The quantitative evaluation of the EAAT1-specific effects will depend on which background values are subtracted. If we, as a minimum, subtract those of the native oocyte (non-injected) membrane, the effect of clamp potential on the EAAT1-specific L_p will calculate as a 23 ± 3 % increase going from -50 to +50 mV, instead of 16 ± 2 %. Likewise, the EAAT1-specific glutamate-induced increase in L_p would be (1.40 ± 0.10)-fold instead of (1.26 ± 0.10)-fold. The EAAT1-specific L_p measured with urea as test osmolyte would be 1.25 ± 0.04 times that measured by mannitol; the factor would be 1.15 ± 0.05 in case of glycerol as test osmolyte. If it was assumed that the plasma membrane surface area increased with expression, a larger background would have to be subtracted and the estimated effects would be larger. However, the 4-fold increase in L_p seen on expressing EAAT1 would become only a 2.8-fold increase if an increased surface area were taken into account.

Molecular properties of the pore

The capacity of EAAT1 as a water channel is significant. A rough estimate of the unit water permeability of EAAT1, 2 times 10^-15 cm³ s^-1 (see below), gives a value somewhat smaller than that of the highly permeable aquaporin AQP1, (1.2 to 6 times 10^-14 cm³ s^-1) (Chandy et al. 1997; Yang & Verkman, 1997) but higher than that of the less conductive AQP0, where 2.8 times 10^-16 cm³ s^-1 has been suggested (Chandy et al. 1997). In an EAAT1-expressing oocyte, the number of transporters per oocyte calculates as 12 times 10¹⁰, given a clamp current of 400 nA at a clamp potential of -30 mV in the presence of glutamate and a turnover of two unit charges at a rate of 10.5 s^-1 (Wadiche & Kavanaugh, 1998). With a surface area of the oocyte of 0.44 cm² (see Methods) this is equivalent to 27 times 10¹⁰ transporters cm^-2. At this expression level, the contribution of the EAAT1 to the L_p of the oocyte would be around 9 times 10^-6 cm s^-1 (osmol l^-1)^-1 or 5.4 times 10^-4 cm s^-1 (MacAulay et al. 2001). Accordingly, the unit water permeability of the EAAT1 is calculated as 5.4 times 10^-4/ 27 times 10¹⁰ = 2 times 10^-15 cm³ s^-1. The unit permeability for EAAT1 is of the same order of magnitude as that determined for the SGLT1 (Zampighi et al. 1995; Loo et al. 1999). The unit urea permeability (P_u) of the EAAT1 can be estimated by a similar calculation. With the data from Fig. 6, it becomes 1.7 times 10^-17 cm³ s^-1, two orders of magnitude smaller than the unit water permeability. P_u for the EAAT1 is about twice that calculated for SGLT1 (Leung et al. 2000). It should be stressed that the calculations above are crude and rest on a number of assumptions, particularly in regard to turnover rates, expression levels, and surface areas. In the calculation, the permeability of the native oocyte has been subtracted. If it is assumed that the background L_p and P_u increased by, say, a factor of 1.45 above that of the native oocyte (see discussion above), our estimates of the unit L_p and P_u of the EAAT1 would be about 25 % smaller.

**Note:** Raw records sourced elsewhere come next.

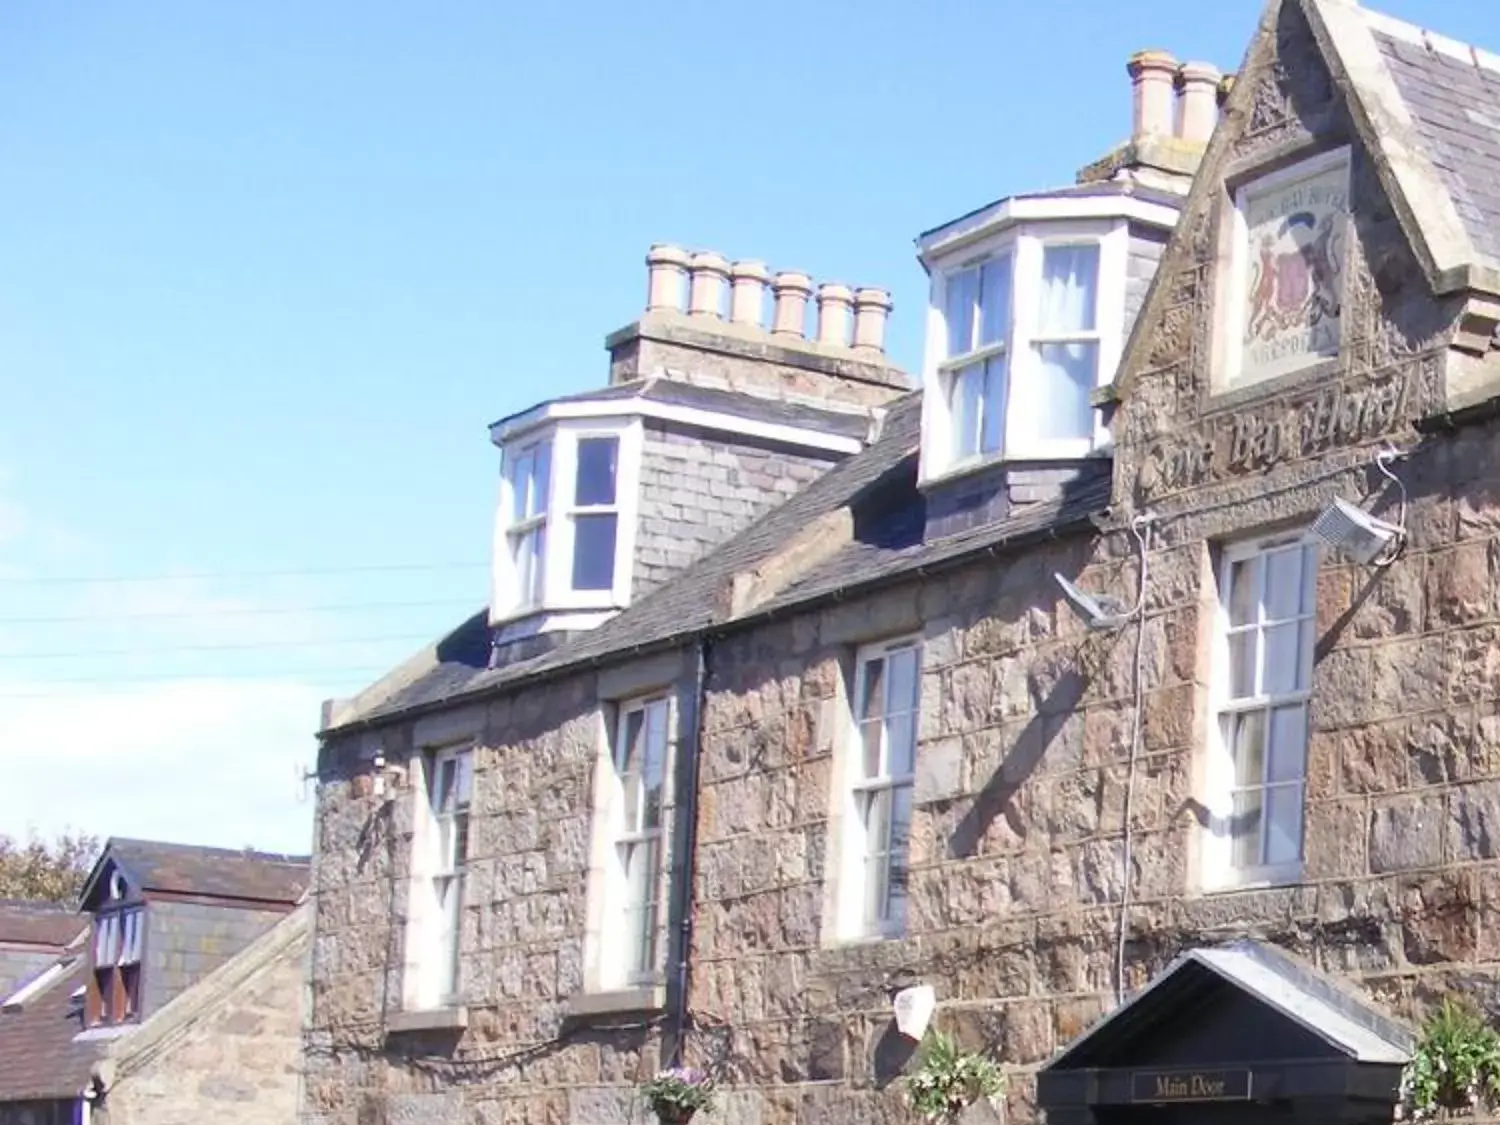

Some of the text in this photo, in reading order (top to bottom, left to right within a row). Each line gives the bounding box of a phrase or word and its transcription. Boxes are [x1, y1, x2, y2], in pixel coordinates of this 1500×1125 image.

[1229, 411, 1284, 474] Bay
[1302, 372, 1410, 450] Hotel
[1155, 1074, 1226, 1097] Main Door
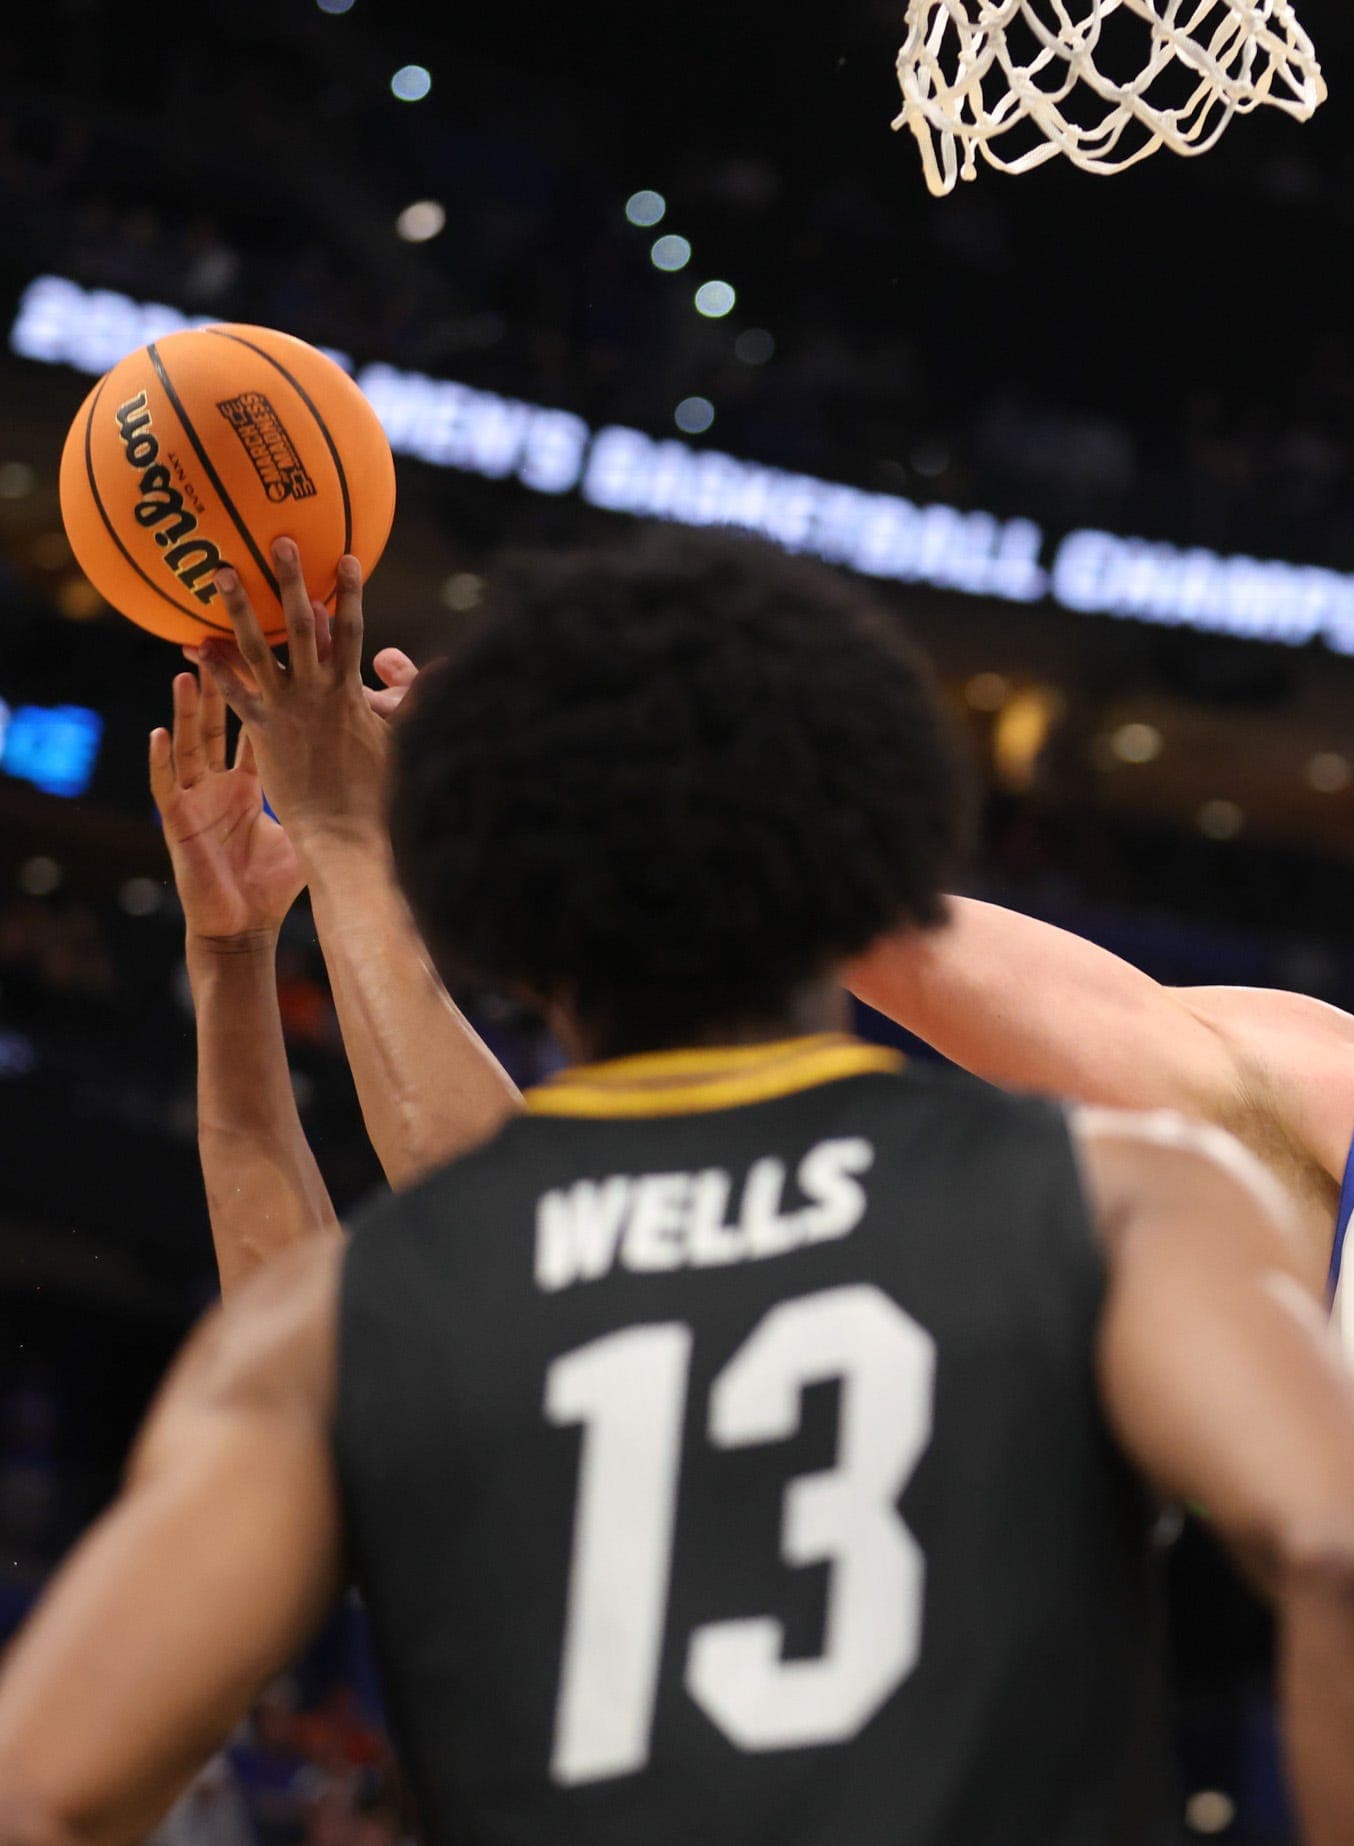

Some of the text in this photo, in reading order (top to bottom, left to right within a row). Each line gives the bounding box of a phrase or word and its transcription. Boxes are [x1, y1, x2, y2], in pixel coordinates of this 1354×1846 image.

[115, 389, 234, 605] Wilson
[239, 423, 284, 484] MARCH
[534, 1136, 875, 1292] WELLS
[544, 1282, 937, 1786] 13

The L_p of the EAAT1 obtained with the smaller osmolytes, urea and glycerol, was larger than that recorded by the larger osmolyte, mannitol (Fig. 4). The simplest interpretation is that the part of the aqueous pore facing the outside solution can accommodate the smaller osmolytes in an osmotically active form, but that the larger osmolyte will be excluded, Fig. 8A. This effect could result from two mechanisms: simple steric exclusion due to the physical dimensions of the mouth region of the pore, or exclusion of the larger osmolyte from the layer of surface water at the protein by physical-chemical forces (Parsegian, 2001). Urea and glycerol are small, hydrophilic, and polar molecules that have access to these inner layers of water (Collins & Washabaugh, 1985; Courtenay et al. 2000) while mannitol has not. In either case, the resistance of the aqueous pathway across which the osmotic force acts would be smaller in case of urea and glycerol than in case of mannitol. Consequently the resulting L_p would be larger when measured with the smaller osmolytes.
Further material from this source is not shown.